(Records excerpted from a collection)
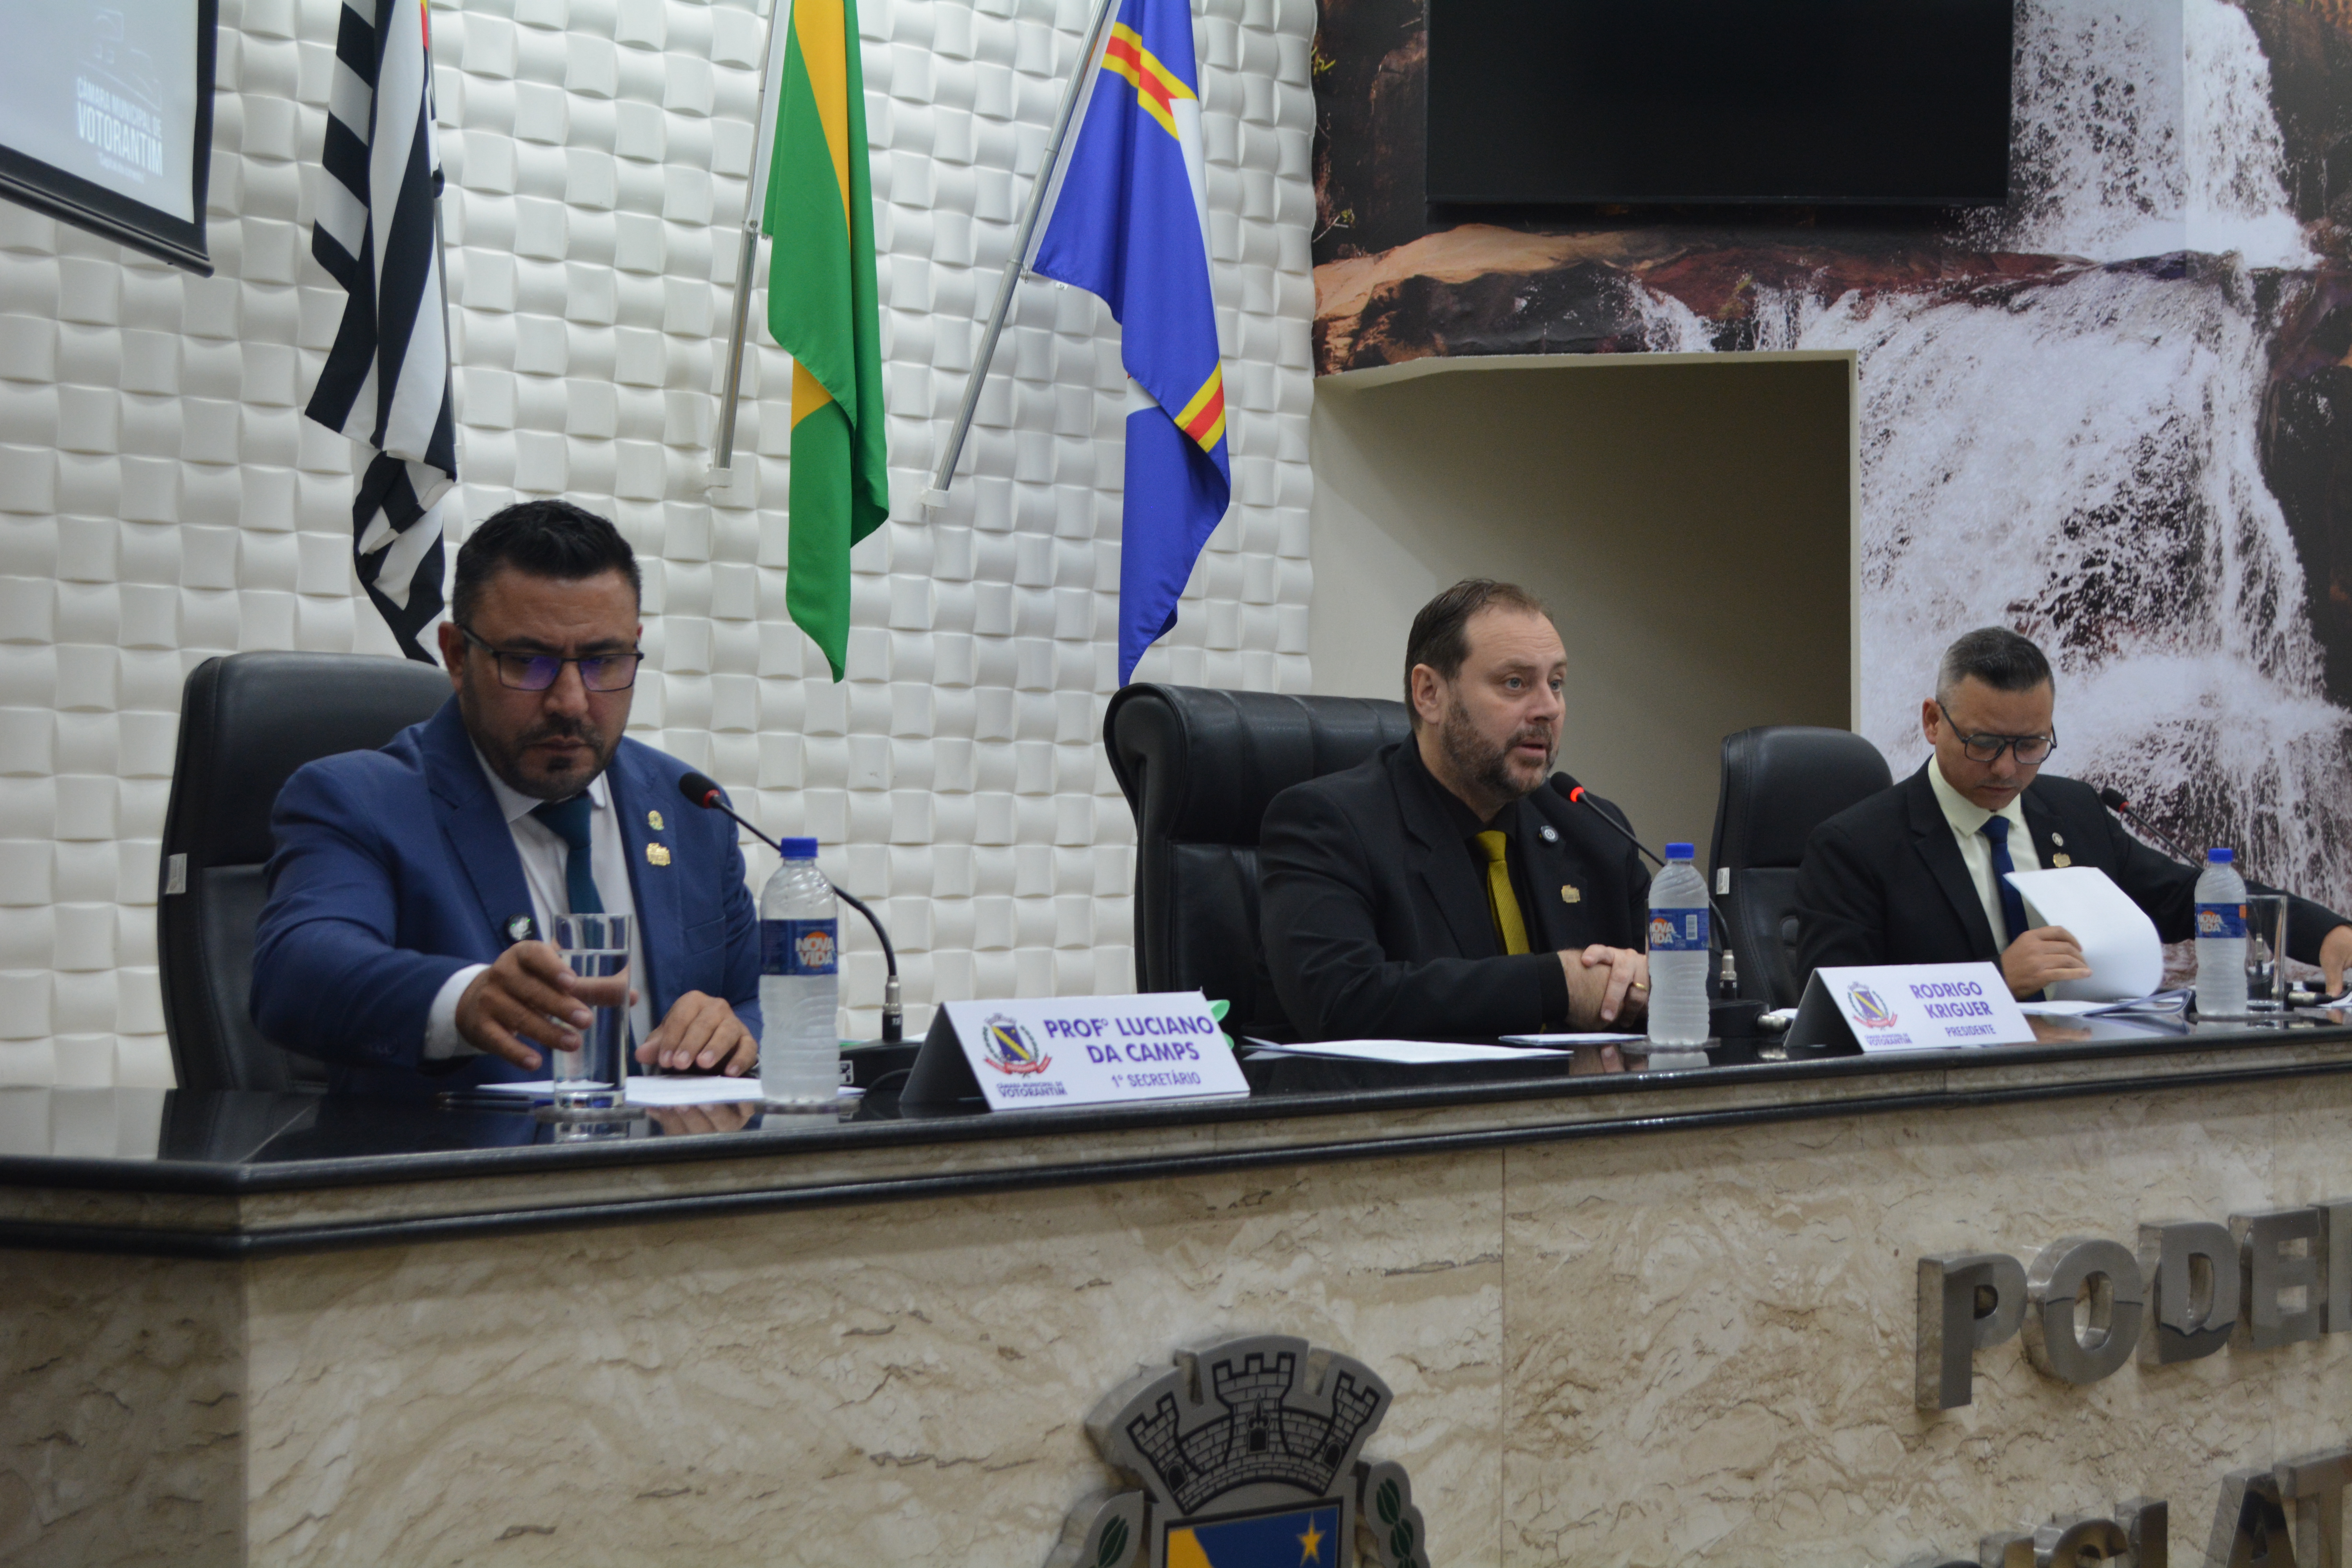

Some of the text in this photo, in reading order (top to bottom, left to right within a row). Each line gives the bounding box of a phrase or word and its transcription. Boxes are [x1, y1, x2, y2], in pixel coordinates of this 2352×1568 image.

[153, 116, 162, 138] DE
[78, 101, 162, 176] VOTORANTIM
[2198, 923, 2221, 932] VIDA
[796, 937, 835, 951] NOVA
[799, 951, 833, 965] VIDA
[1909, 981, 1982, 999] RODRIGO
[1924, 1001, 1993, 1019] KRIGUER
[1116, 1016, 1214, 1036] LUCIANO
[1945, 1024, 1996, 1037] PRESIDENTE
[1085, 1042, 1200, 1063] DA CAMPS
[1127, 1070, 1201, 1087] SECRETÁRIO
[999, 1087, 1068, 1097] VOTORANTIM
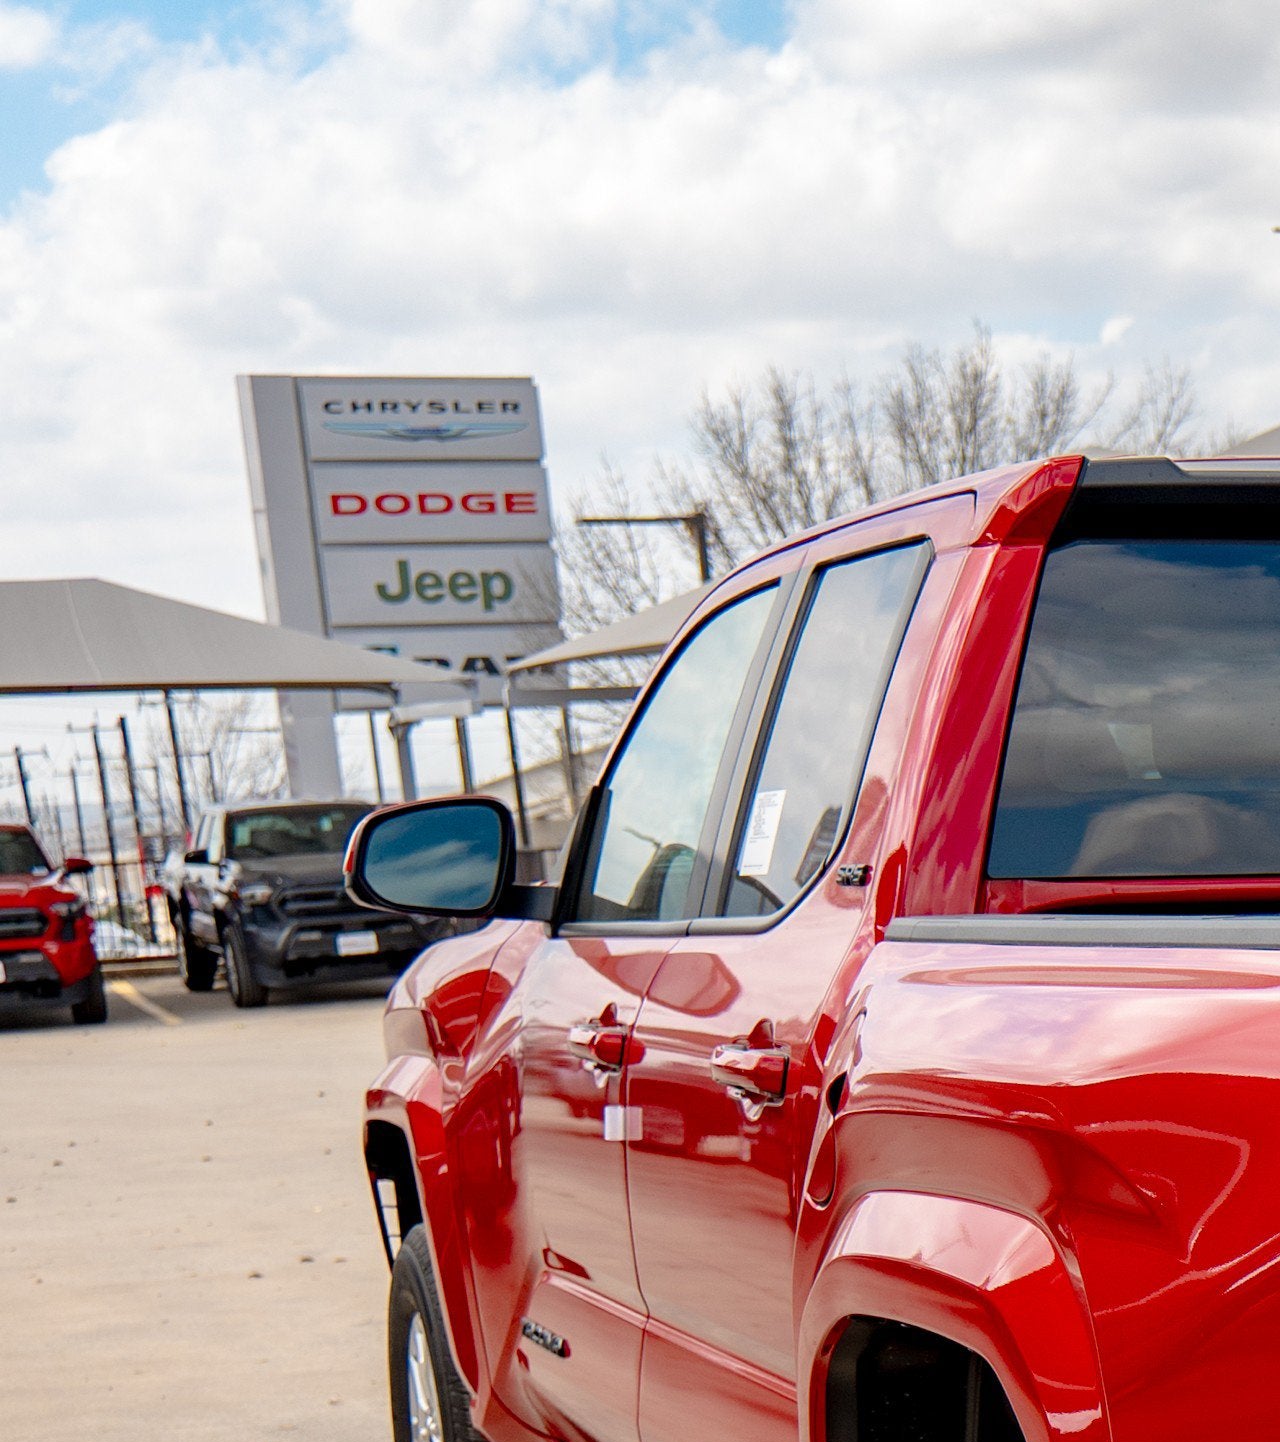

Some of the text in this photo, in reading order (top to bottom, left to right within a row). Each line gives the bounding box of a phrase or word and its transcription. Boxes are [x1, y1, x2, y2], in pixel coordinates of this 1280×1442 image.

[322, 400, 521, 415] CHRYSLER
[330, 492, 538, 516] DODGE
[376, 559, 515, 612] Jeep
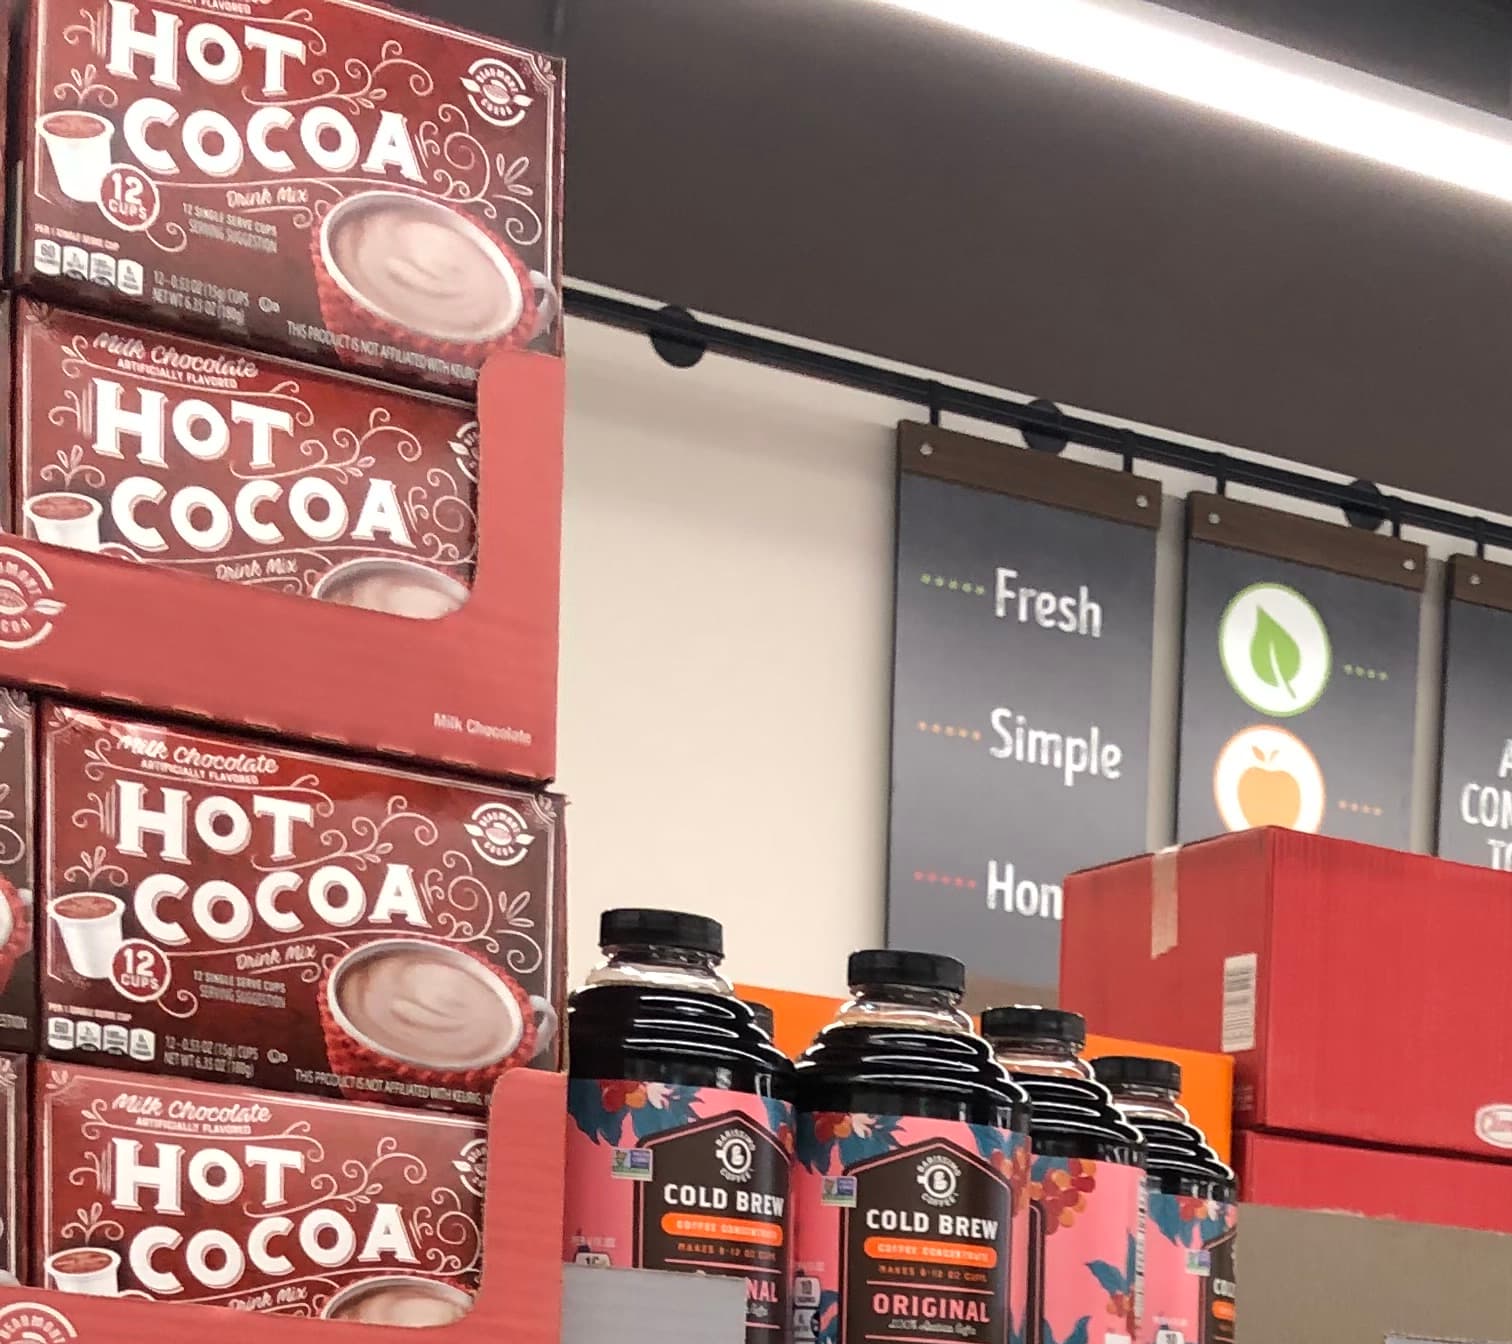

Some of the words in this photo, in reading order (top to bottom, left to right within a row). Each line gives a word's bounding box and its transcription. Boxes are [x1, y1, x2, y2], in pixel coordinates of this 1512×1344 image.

## What is expected
Give back the records exactly, minus any pictures.

## Task answer
Some of the text in this photo, in reading order (top to bottom, left to right within a row). Each line gives the bounding box of a phrase or word and its transcription. Boxes are [x1, y1, x2, y2], in pixel coordinates of this 2352×1568 image.

[153, 116, 162, 138] DE
[78, 101, 162, 176] VOTORANTIM
[2198, 923, 2221, 932] VIDA
[796, 937, 835, 951] NOVA
[799, 951, 833, 965] VIDA
[1909, 981, 1982, 999] RODRIGO
[1924, 1001, 1993, 1019] KRIGUER
[1116, 1016, 1214, 1036] LUCIANO
[1945, 1024, 1996, 1037] PRESIDENTE
[1085, 1042, 1200, 1063] DA CAMPS
[1127, 1070, 1201, 1087] SECRETÁRIO
[999, 1087, 1068, 1097] VOTORANTIM

Some of the text in this photo, in reading order (top to bottom, left to right within a row). Each line gives the bounding box of a phrase or word and its transcription. Boxes are [x1, y1, x2, y2], in pixel coordinates of this 1280×1442 image.

[322, 400, 521, 415] CHRYSLER
[330, 492, 538, 516] DODGE
[376, 559, 515, 612] Jeep

Some of the words in this photo, in reading order (top to bottom, left to right within a row). Each line gives a word's bounding box and its transcription. Boxes are [x1, y1, x2, y2], in pixel coordinates of this 1512×1344 image.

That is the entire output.